── DATASET EXTRACT
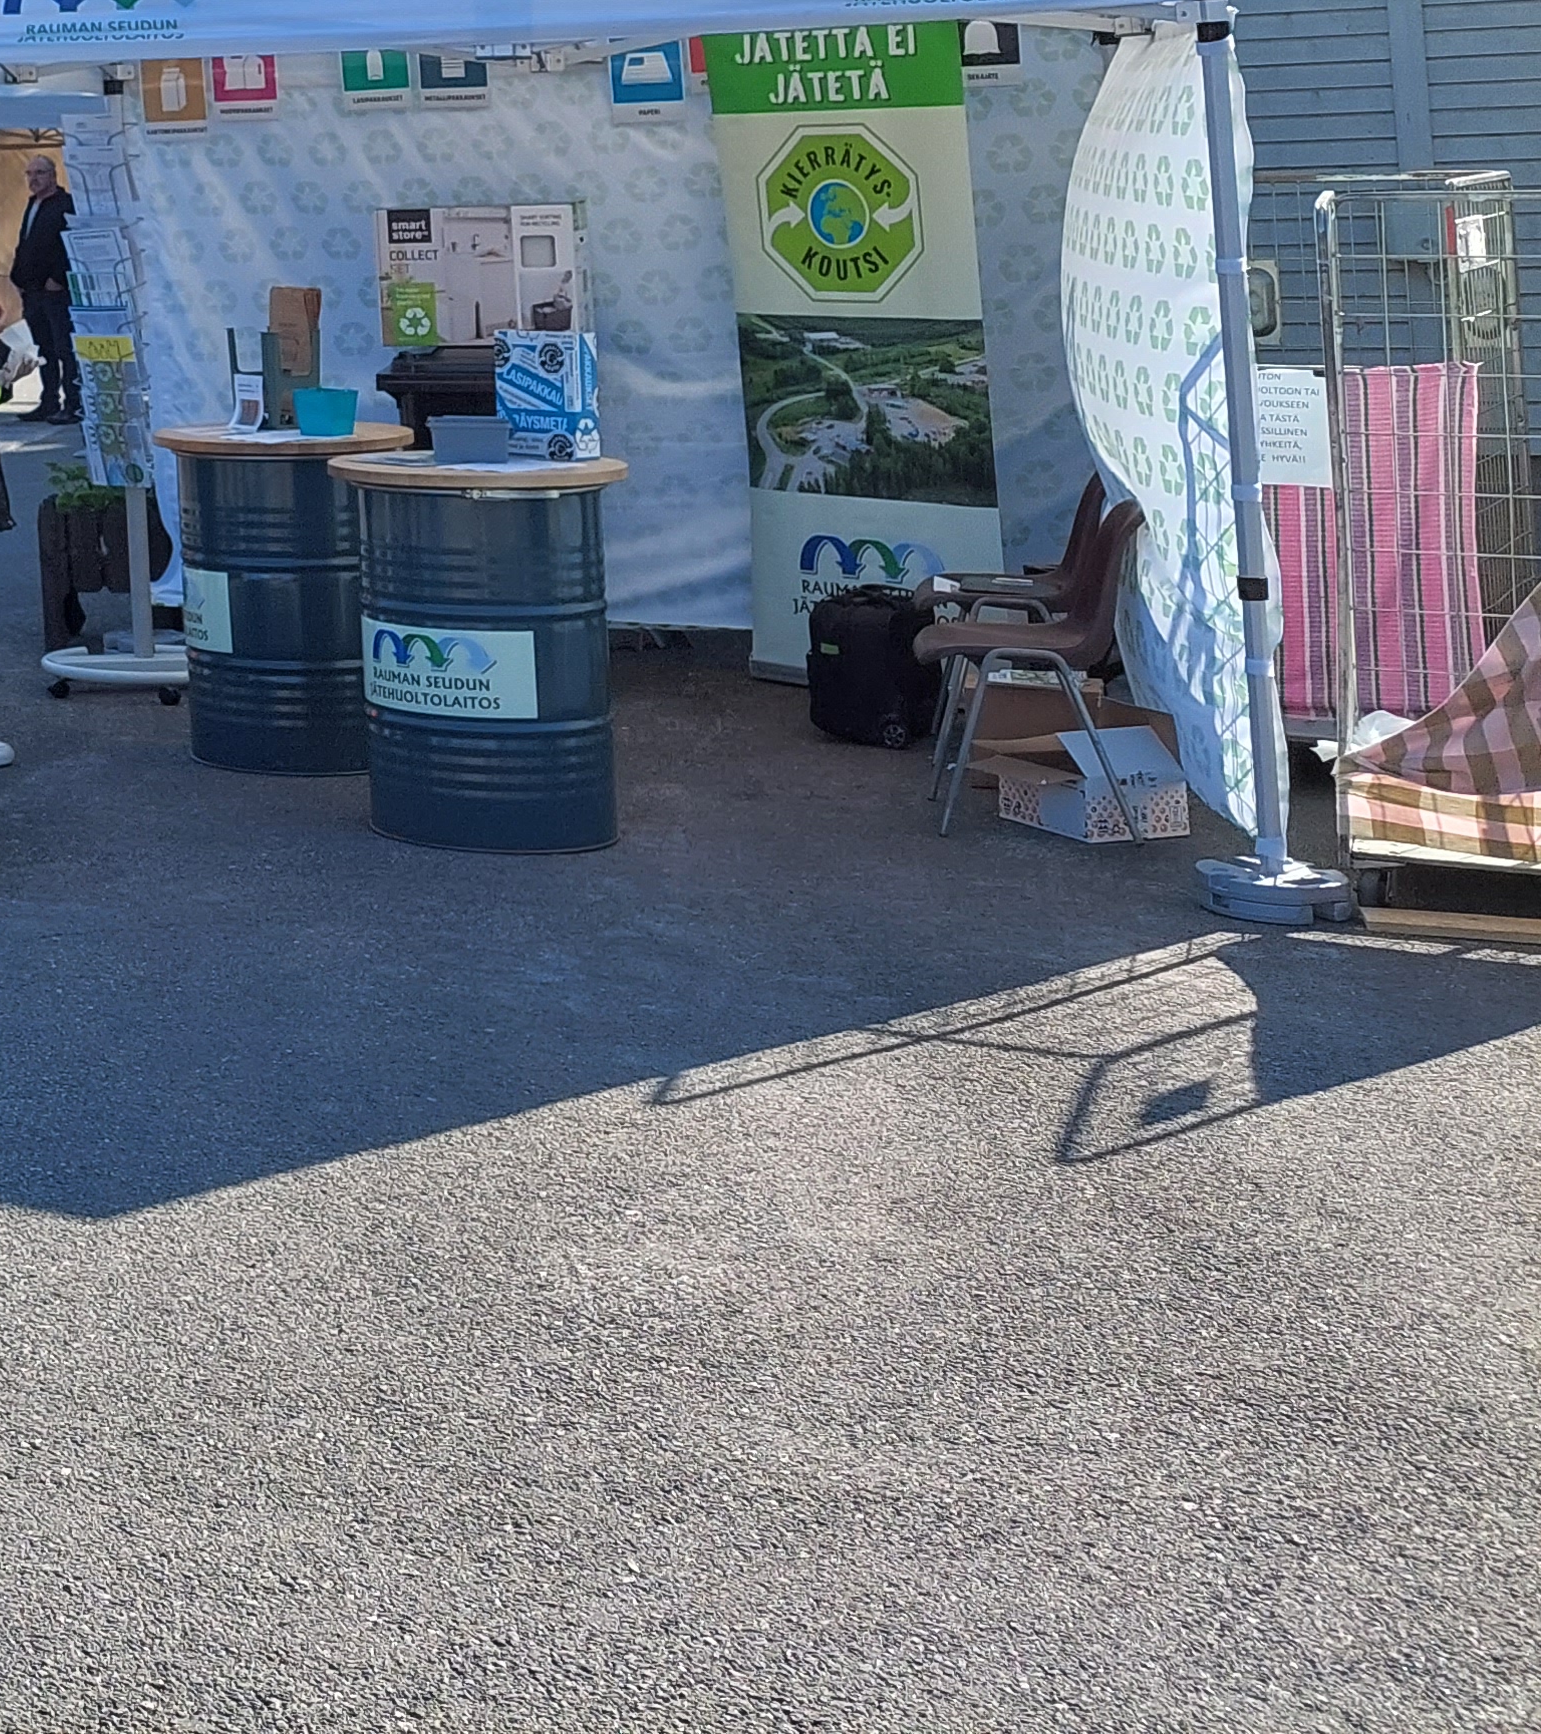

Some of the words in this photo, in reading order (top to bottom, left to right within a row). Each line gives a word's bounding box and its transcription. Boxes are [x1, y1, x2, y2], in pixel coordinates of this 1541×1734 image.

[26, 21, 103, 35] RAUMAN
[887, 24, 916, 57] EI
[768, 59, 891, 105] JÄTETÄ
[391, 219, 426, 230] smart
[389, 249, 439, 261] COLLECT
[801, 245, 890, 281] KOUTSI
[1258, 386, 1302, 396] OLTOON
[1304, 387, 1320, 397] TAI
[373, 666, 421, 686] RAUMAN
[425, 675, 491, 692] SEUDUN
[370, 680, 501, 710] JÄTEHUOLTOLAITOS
────
The answer must be the full listing, exact in every line, with the pictures removed.

Some of the words in this photo, in reading order (top to bottom, left to right within a row). Each line gives a word's bounding box and its transcription. Boxes are [x1, y1, x2, y2], in pixel coordinates of this 1541×1734 image.

[26, 21, 103, 35] RAUMAN
[887, 24, 916, 57] EI
[768, 59, 891, 105] JÄTETÄ
[391, 219, 426, 230] smart
[389, 249, 439, 261] COLLECT
[801, 245, 890, 281] KOUTSI
[1258, 386, 1302, 396] OLTOON
[1304, 387, 1320, 397] TAI
[373, 666, 421, 686] RAUMAN
[425, 675, 491, 692] SEUDUN
[370, 680, 501, 710] JÄTEHUOLTOLAITOS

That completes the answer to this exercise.